I’m embarrassed by how long it has taken to acknowledge this Leibster Blog Award. Earlier in January, Linda at May and September tagged me, and I’ve been procrastinating as usual.

I’m delighted that Linda tagged me with this award, and I hope no one is offended that my very first move is to ignore a major technical point. The award is meant for blogs with less than 200 followers, which means I probably should disqualify myself. Instead, I’m going to hide in the irises and pretend no one will notice…

Sunshine Jan 29

Here are the other rules (I am planning to break more of them…):

1. Each person must post 11 things about themselves. 
2. Answer the questions that the tagger set for you, plus create 11 questions for the people you’ve tagged to answer.
3. Choose 11 people to receive the award and link them in your post.
4. Go to their page and tell them.
5. No tag backs!

My prolonged delay isn’t completely due to procrastination. I’ve begun this post a number of times, but each time I stumbled over the first task. I couldn’t think of eleven things to say about myself! Which is exactly where I should start…

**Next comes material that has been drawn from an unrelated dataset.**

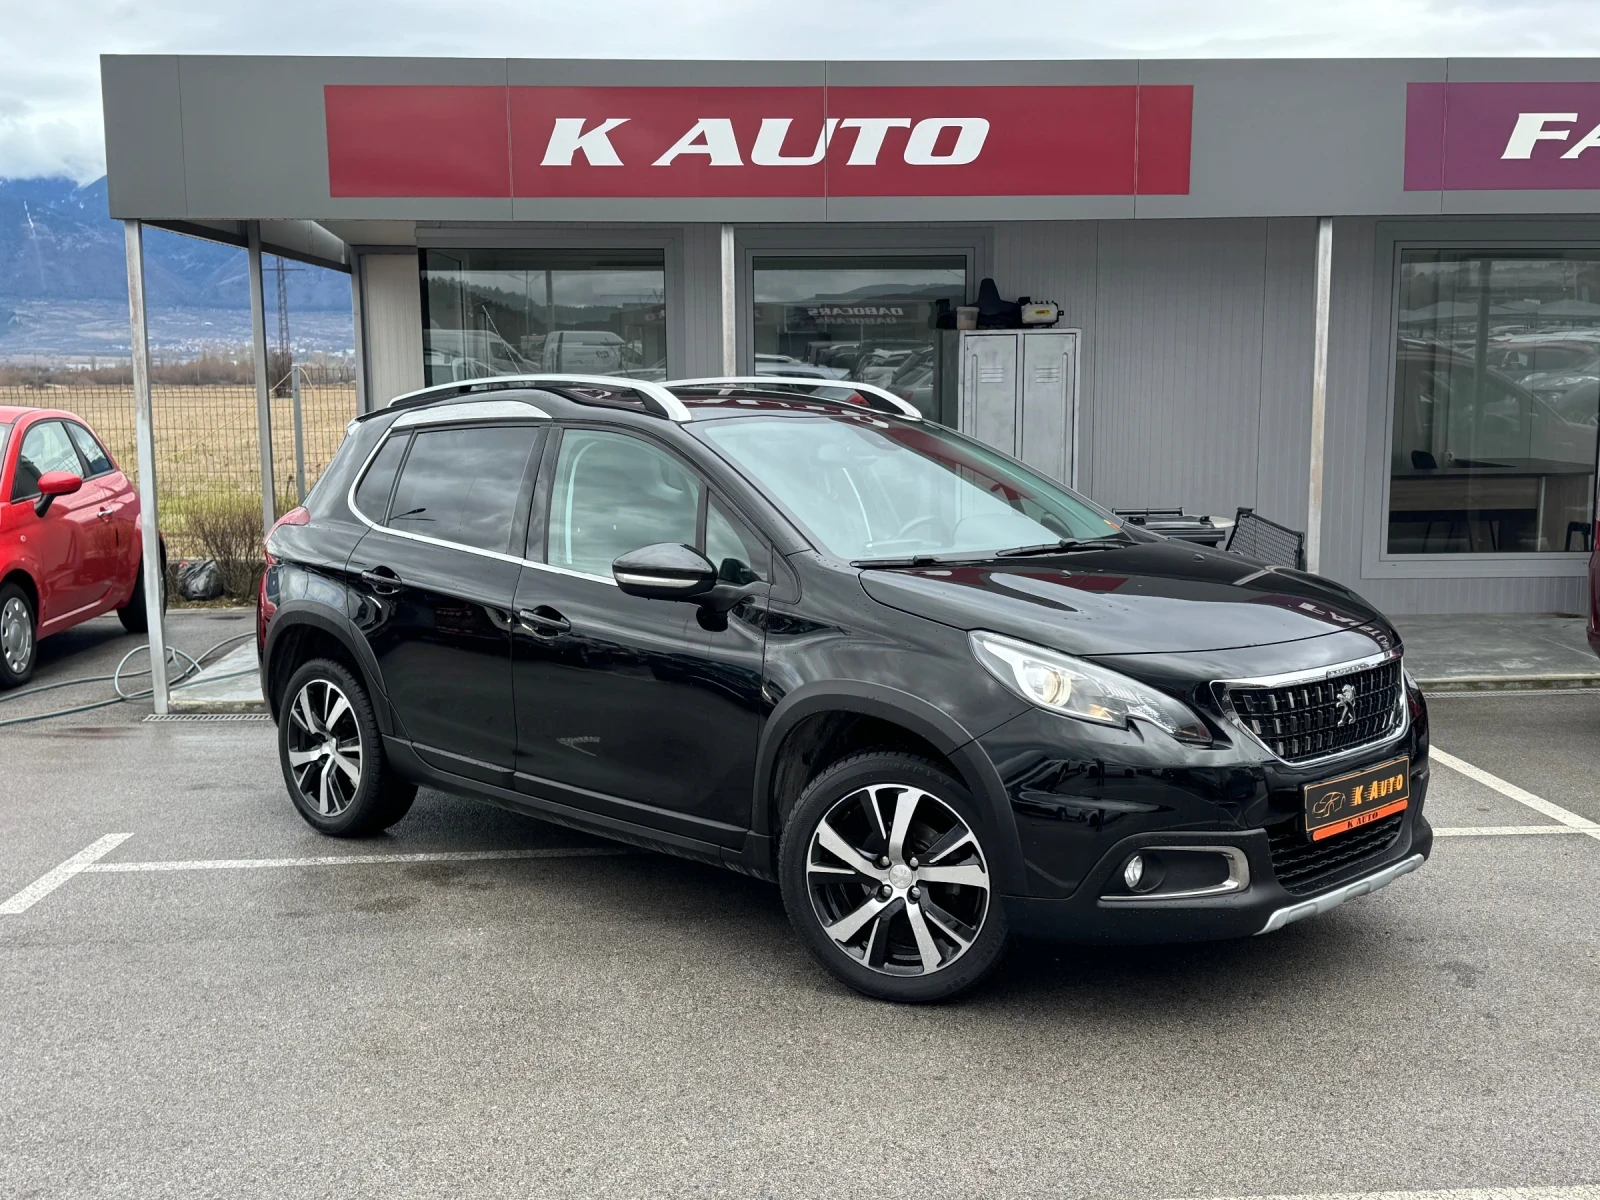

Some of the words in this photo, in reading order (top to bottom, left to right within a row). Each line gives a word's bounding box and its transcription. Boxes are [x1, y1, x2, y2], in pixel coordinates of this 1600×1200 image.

  1. I have trouble describing myself because I feel that I don’t know myself very well.
  2. I am the youngest of five children, but I dislike being called “the baby.”
  3. I was born in Alabama but have no memory of living there. We moved to Tennessee when I was three.
  4. My parents separated while I was in junior high, and my father died while I was in high school.
  5. I didn’t take Driver’s Education in high school (I can’t remember why), and Mother refused to teach me to drive. When I graduated without license or job, I emptied my bank account ($600) and bought a mustard yellow Dodge Omni. My sister’s boyfriend was a mechanic, and he helped find the car. Then my other sister taught me to drive.
  6. I am convinced, due to personal experience, that wasps are attracted to the color yellow. Whenever I left my Omni’s windows down during the summer, it became rather dangerous to drive.
  7. Two years after I bought it, the Omni wheezed through its last mile. My next car was a silver five-speed Toyota Tercel, which I got for $2300. I taught myself to shift gears by lurching up and down our sloped gravel drive. Both of my sisters declined to ride along during this phase.
  8. I lived at home during my college years. I also had two jobs (sometimes three).
  9. My undergraduate studies concentrated on biology and ecology. I dreamed of doing field research, even though I suspected my attention span was too short to get me through a PhD program. I was right.
  10. I was the last of my siblings to leave home, and I felt guilty for being the one who left Mother alone. Our relationship had been fragile for years, frayed by stress and growing resentments. After I moved out, the bond between us snapped and didn’t heal for nearly a decade.
  11. When the bond did heal, it healed stronger and different than what we had known before. We were friends, instead of mother and daughter, and the new relationship felt healthier and more natural than our earlier, forced connection.

Sunshine Jan 29

Now, for Linda’s eleven questions:

1. If someone commissioned you to live in another country for six months and blog about it, where would you go and why?

Most likely, I would decline the commission. I don’t travel well!

2. Briefly describe a travel experience that you learned a lot from.

Hm… As above, I don’t travel well. Even so, each and every trip opens new worlds to me.

3. Name three books that have made a big impact on you.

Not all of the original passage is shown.